# Directions
Copy the listing verbatim, excluding any images found in it.

# Data records
- - - - -

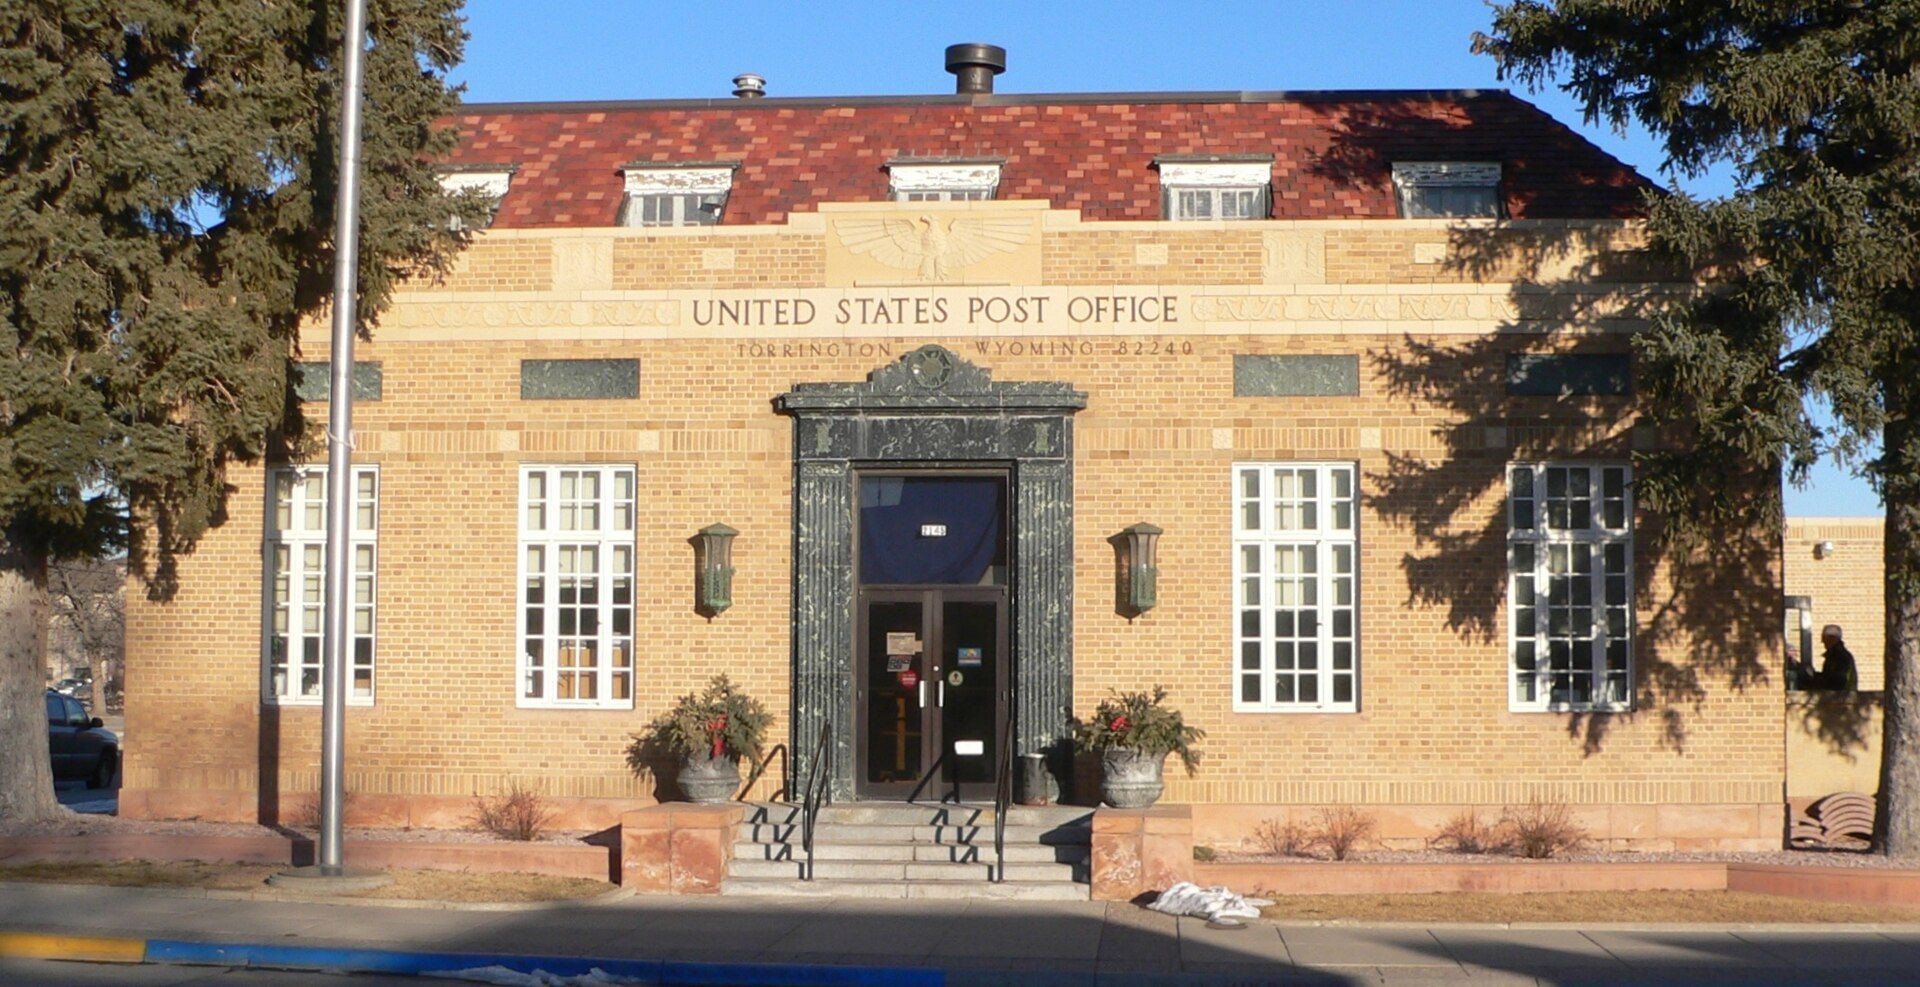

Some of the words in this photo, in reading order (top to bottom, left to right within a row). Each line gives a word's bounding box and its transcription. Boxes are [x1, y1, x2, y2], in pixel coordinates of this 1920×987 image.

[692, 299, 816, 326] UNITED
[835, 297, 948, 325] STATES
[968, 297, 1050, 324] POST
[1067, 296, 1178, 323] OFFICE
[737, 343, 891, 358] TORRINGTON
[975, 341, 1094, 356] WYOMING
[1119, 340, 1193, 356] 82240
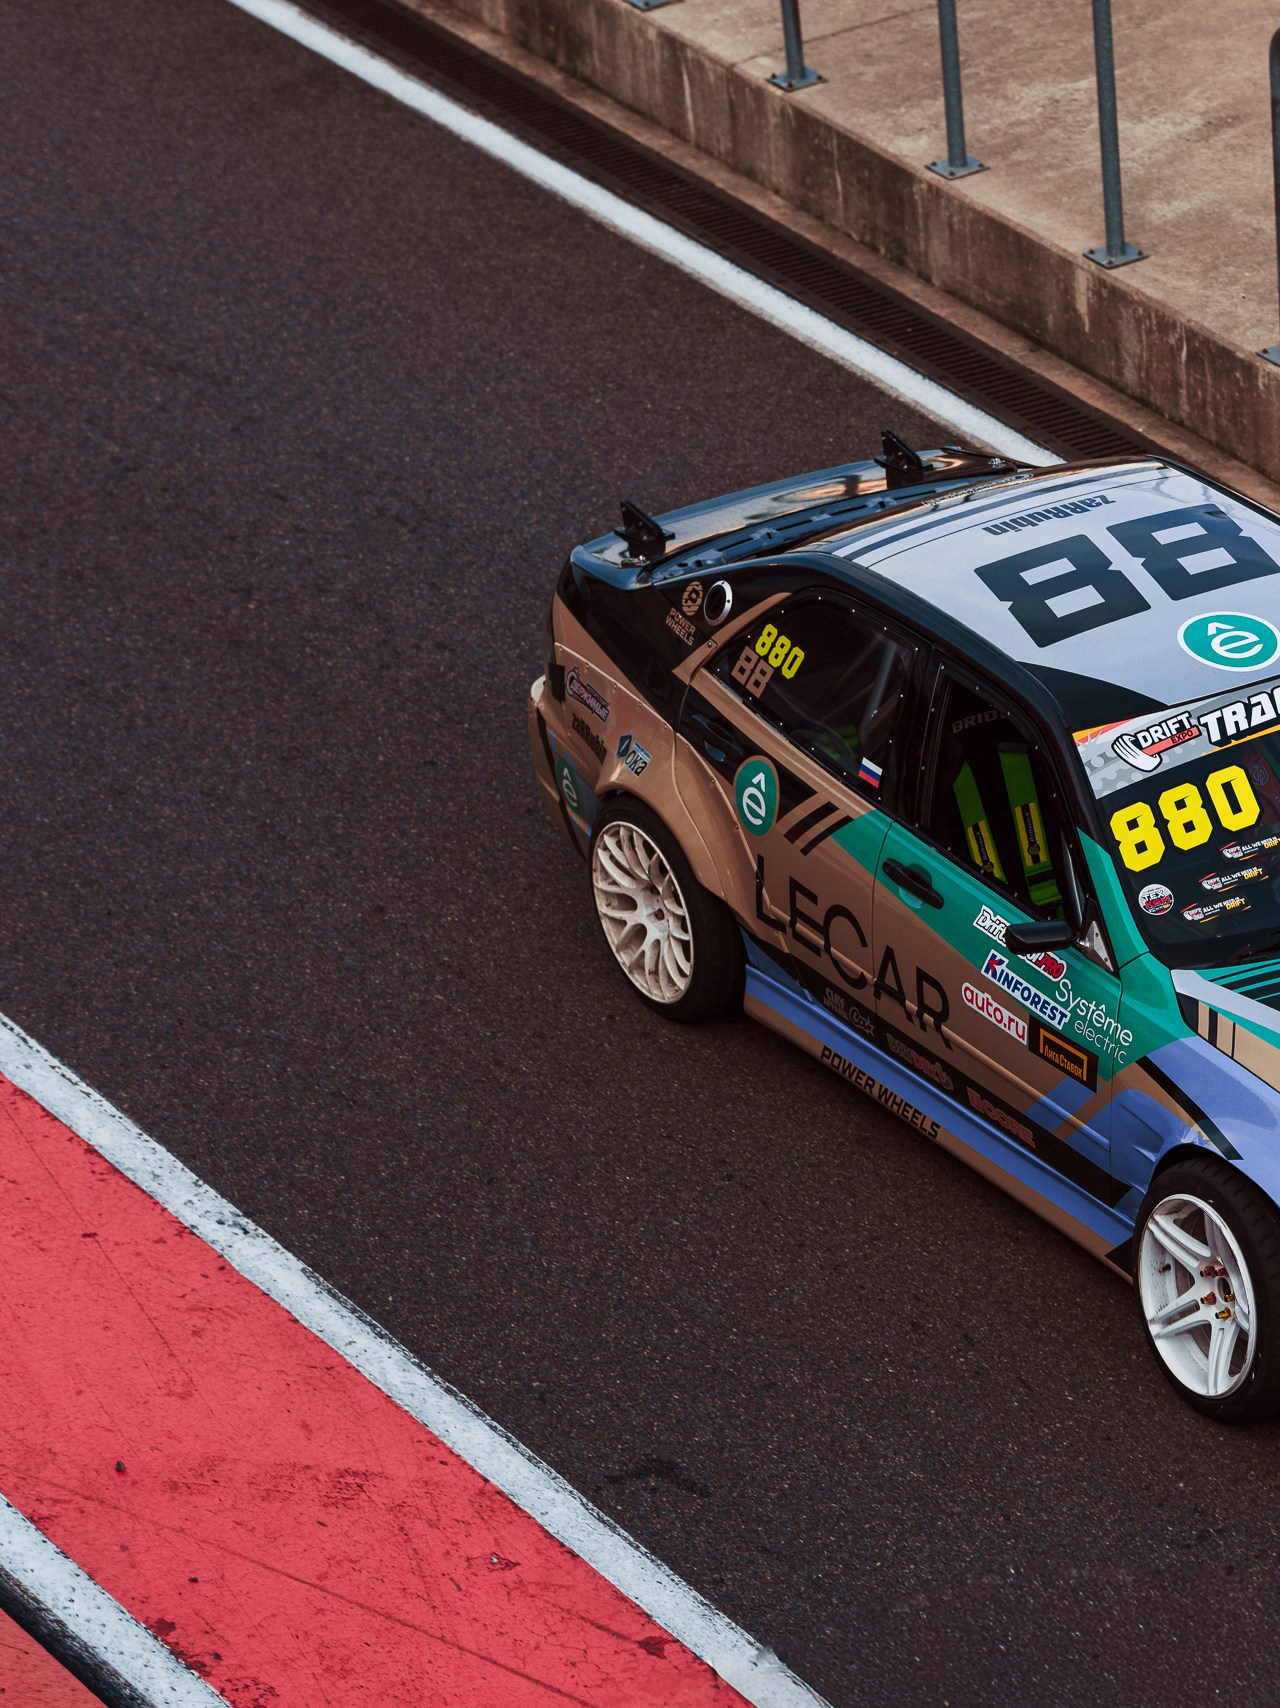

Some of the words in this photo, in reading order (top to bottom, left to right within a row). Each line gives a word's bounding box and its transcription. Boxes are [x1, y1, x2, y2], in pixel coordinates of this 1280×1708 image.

- - - - -

# Exercise response
Some of the words in this photo, in reading order (top to bottom, left to right within a row). Each line gives a word's bounding box and its transcription. Boxes are [x1, y1, x2, y2], in pixel coordinates of this 1920×987 image.

[692, 299, 816, 326] UNITED
[835, 297, 948, 325] STATES
[968, 297, 1050, 324] POST
[1067, 296, 1178, 323] OFFICE
[737, 343, 891, 358] TORRINGTON
[975, 341, 1094, 356] WYOMING
[1119, 340, 1193, 356] 82240

Some of the words in this photo, in reading order (top to bottom, left to right within a row). Each line gives a word's bounding box and its transcription. Boxes are [x1, y1, x2, y2], in pixel coordinates of this 1280×1708 image.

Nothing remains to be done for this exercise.